Il tiranno non si aspettava certo di vedersi comparire davanti quell’indomito soldato, il quale andava alzando la voce per denunciare la vanità degli idoli “che hanno occhi e non vedono, hanno orecchie e non sentono, hanno bocca e non parlano”. Fattolo nuovamente arrestare, Diocleziano comandò che a quell’impudente provocatore fosse fatta trangugiare una pozione di veleno, che però non recò alcun danno al prigioniero. Alla vista di tali prodigi, due tribuni, Anatolio e Protoleone, convinti e persuasi della grandezza della fede cristiana, si convertirono e, dichiaratisi pubblicamente discepoli di Cristo, subirono immediatamente la pena capitale. Perfino l’imperatrice Alessandra, moglie di Diocleziano, commossa dalle scene cui aveva assistito, non poté trattenersi dal dichiarare la sua simpatia per la fede cristiana. Il marito la condannò a morte, ma prima ancora di essere condotta al luogo del supplizio, l’imperatrice s’accasciò al suolo e spirò. Diocleziano continuava ad essere succube delle malie e dei consigli del mago Atanasio, dal quale fu spinto a sottoporre Giorgio ad una prova incredibile, quella di resuscitare un uomo morto da 460 giorni. In un frangente tanto difficile, il giovane soldato non si perse d’animo, ma pose la sua speranza unicamente nella potenza del Signore. Portato davanti ad una tomba scoperchiata dove giaceva il cadavere in avanzato stato di decomposizione, Giorgio alzò gli occhi al cielo e, dopo aver pregato, comandò al morto di tornare in vita. Questi, tra la meraviglia di tutti, si levò dal sepolcro e si prostrò ai suoi piedi confessando la propria fede in Gesù, imitato dal mago che aveva suggerito la sfida. Solo Diocleziano rimase irremovibile. L’imperatore diede l’ordine che il soldato ribelle e tutti coloro che avessero aderito a Cristo fossero giustiziati. Giorgio, quindi, fu decapitato e raggiunse la gloria eterna. Era il 23 Aprile dell’anno 303 d.C., data che ancora oggi viene festeggiata in tutto il mondo.

Festa di San Giorgio a Modica, Ragusa (foto LaSicilia.it)
Festa di San Giorgio a Modica, Ragusa (foto LaSicilia.it)

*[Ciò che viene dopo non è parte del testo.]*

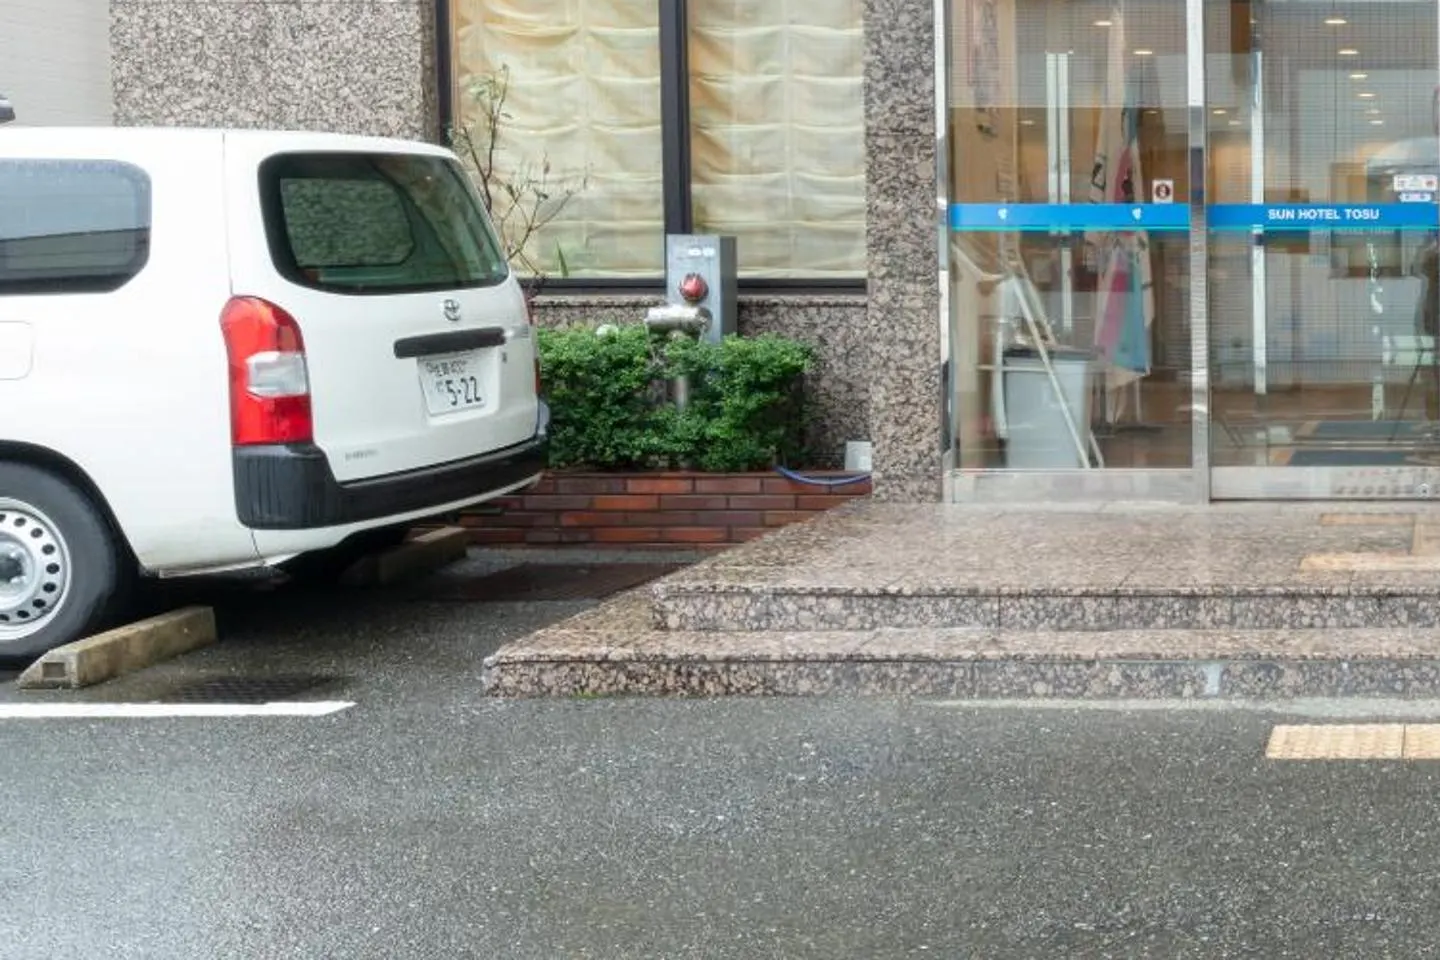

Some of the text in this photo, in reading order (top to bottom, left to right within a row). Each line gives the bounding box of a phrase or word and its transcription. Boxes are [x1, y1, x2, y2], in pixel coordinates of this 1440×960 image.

[1267, 208, 1380, 221] SUN HOTEL TOSU

L'iconografia tradizionale di Giorgio è legata al suo miracolo più celebre, quello dell'uccisione del drago. Il racconto, come viene riportato nella Legenda Aurea di Jacopo da Varagine, narra che San Giorgio si trovasse in servizio in Libia, in una località di nome Selem. In questa città, vi era un grande stagno in cui viveva un drago. Gli abitanti, per placare il suo appetito, gli offrivano due pecore al giorno, ma col passare del tempo, il numero dei componenti delle greggi iniziarono a diminuire. Il popolo di Selem fu dunque costretto a sacrificare al drago un ovino e un giovane tirato a sorte. Un giorno il fato scelse la principessa Silene, la figlia del re locale. Quest’ultimo, terrorizzato per il destino della figlia, offrì il suo patrimonio e metà del regno, ma la popolazione si ribellò, avendo visto morire tanti suoi figli. Dopo otto giorni di tentativi, il re dovette cedere e la giovane si avviò verso lo stagno per essere offerta al drago. Proprio in quel momento fece la sua comparsa il soldato Giorgio, il quale, saputo dell'imminente sacrificio, tranquillizzò la principessa, promettendole il suo intervento per evitarle la brutale morte. Quando il drago uscì dalle acque, Giorgio non si spaventò e lo trafisse con la sua lancia, ferendolo. Poi disse alla principessa Silene di avvolgere la sua cintura al collo del drago per costringerlo a seguirli fino in città. Gli abitanti, vedendo arrivare il drago, iniziarono a scappare, ma Giorgio disse ‘’Iddio mi ha mandato a voi per liberarvi dal drago: se abbraccerete la fede in Cristo e riceverete il battesimo, io ucciderò il mostro’’. Allora il re e la popolazione si convertirono e il cavaliere uccise il drago. 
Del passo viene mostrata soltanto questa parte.